In Skippy, we created a scoring function, the Regulatory Constraint (RC) Score which is a measure of the how likely the observed level of conservation is, in a region surrounding the variant, given the underlying codons. A multiple-alignment across 4 mammals (human, mouse, rat and dog) is extracted for a region surrounding the variant of interest and fully conserved columns are weighted (assigned a score) dependant on its status in the genetic code and how likely that position is to be conserved genome-wide. Therefore, for any variant position in a coding exon, a region of 5 bases flanking the variant is extracted from 4-way mammalian alignments (see Figure below). The triplet codon status of each column in the alignment is extracted and scored dependant on the conservation likelihood matrix (see Figure below). Scores are added up across all the columns and a mean for the region taken by dividing the total score by the total number of columns.

Click for larger version and description.

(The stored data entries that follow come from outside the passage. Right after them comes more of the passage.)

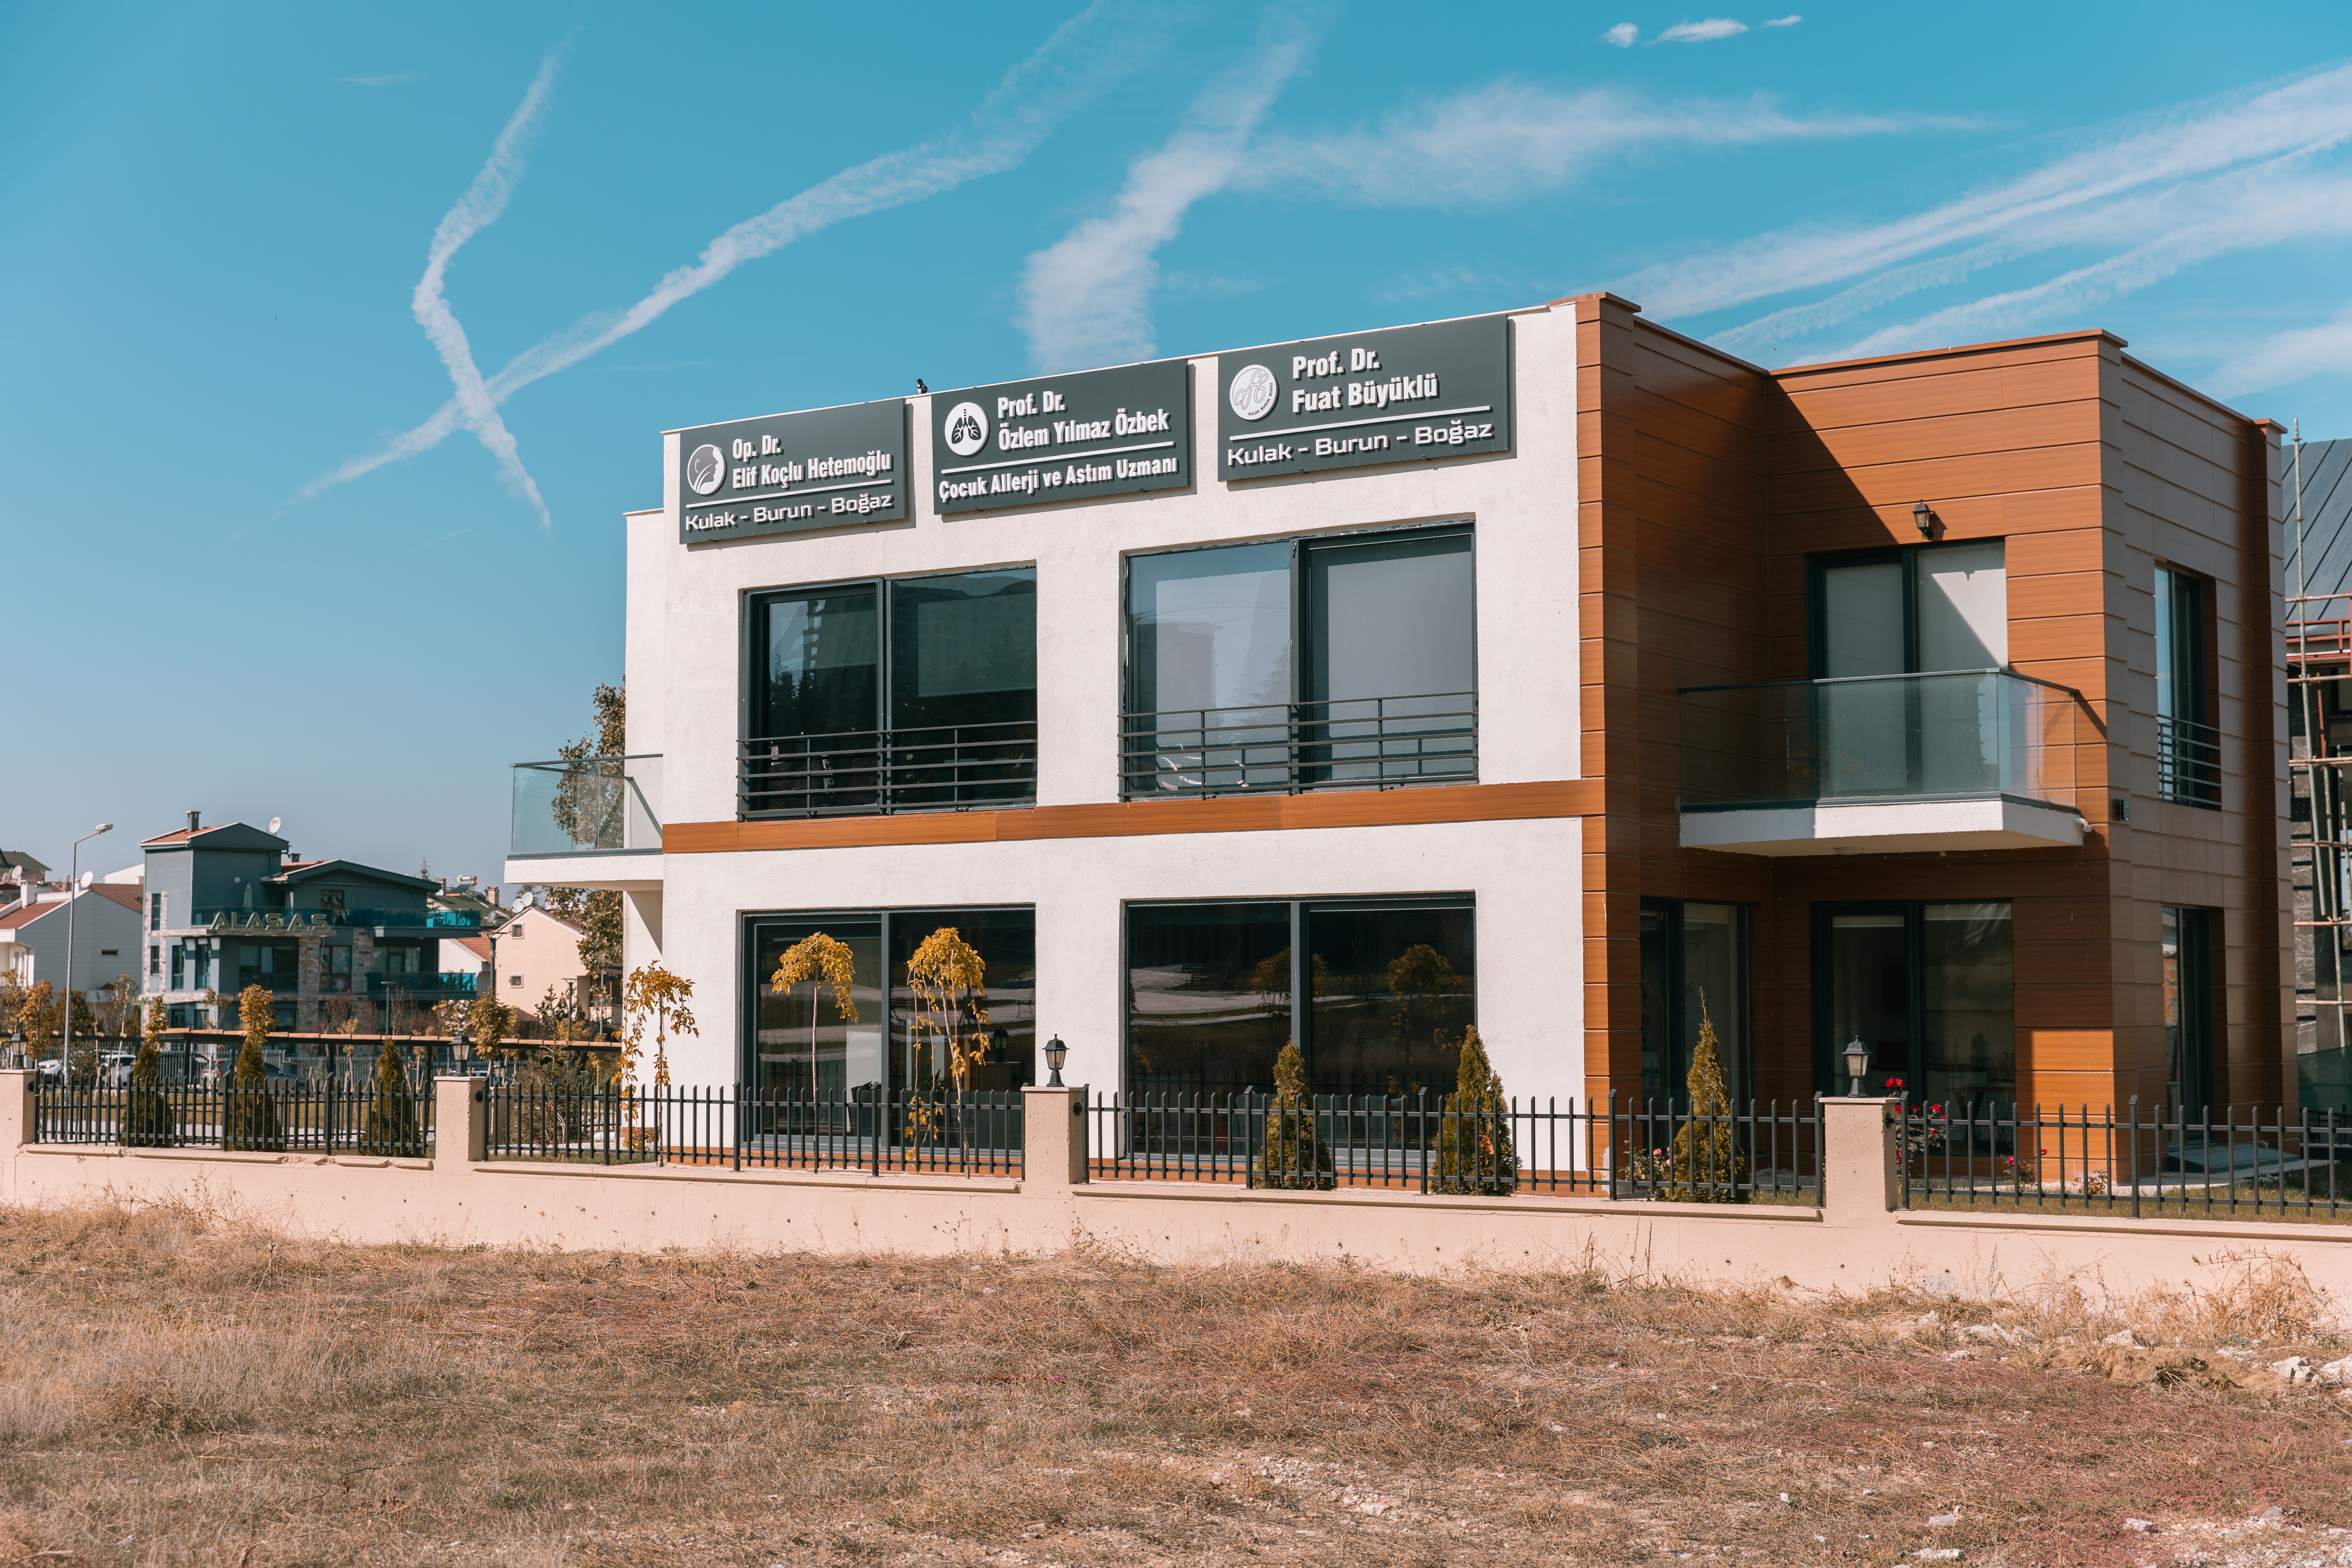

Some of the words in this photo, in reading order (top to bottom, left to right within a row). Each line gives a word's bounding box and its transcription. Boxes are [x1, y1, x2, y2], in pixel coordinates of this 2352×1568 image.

[1293, 351, 1344, 379] Prof.
[1352, 348, 1380, 371] Dr.
[998, 393, 1038, 418] Prof.
[1043, 391, 1066, 412] Dr.
[1260, 398, 1270, 411] BURUN
[1293, 386, 1342, 413] Fuat
[1349, 373, 1438, 408] Büyüklü
[733, 438, 758, 462] Op.
[762, 435, 782, 455] Dr.
[999, 422, 1050, 451] Özlem
[1053, 420, 1111, 444] Yılmaz
[1115, 408, 1170, 436] Özbek
[1228, 443, 1293, 466] Kulak
[1316, 435, 1389, 456] Burun
[1415, 420, 1493, 445] Boğaz
[733, 466, 758, 488] Elif
[762, 461, 804, 488] Koçlu
[808, 450, 892, 479] Hetemoğlu
[939, 477, 988, 503] Çocuk
[991, 470, 1039, 495] Allerji
[1042, 471, 1062, 487] ve
[1066, 464, 1113, 485] Astım
[1116, 457, 1178, 479] Uzmanı
[685, 512, 736, 531] Kulak
[754, 503, 813, 522] Burun
[832, 493, 892, 513] Boğaz
[210, 912, 282, 930] ALAS

In our study, we found that our set of SAVs have significantly greater mean RC scores than a distribution of randomly samples sets of hSNPs of the same size (see Figure above).

It is important to note however that the RC score is influenced by other genomic contexts which you should be aware of when interpreting the score. The RC score is correlated with distance from a splice junction (see plot). This is in agreement with other studies that show that the edges of exons are generally better conserved than the interior, possibly due to splicing constraints.

In Skippy, we provide mean hSNP RC scores so a meaningful comparison of the score from your variant can be made against those of common polymorphisms. We control for the effect of distance from a splice junction by only comparing the variant to a distribution of hSNPs with similar distance proportions from the splice junction as the variant. Scores shaded red are greater than mean hSNP scores and scores shaded blue are lower than mean hSNP scores.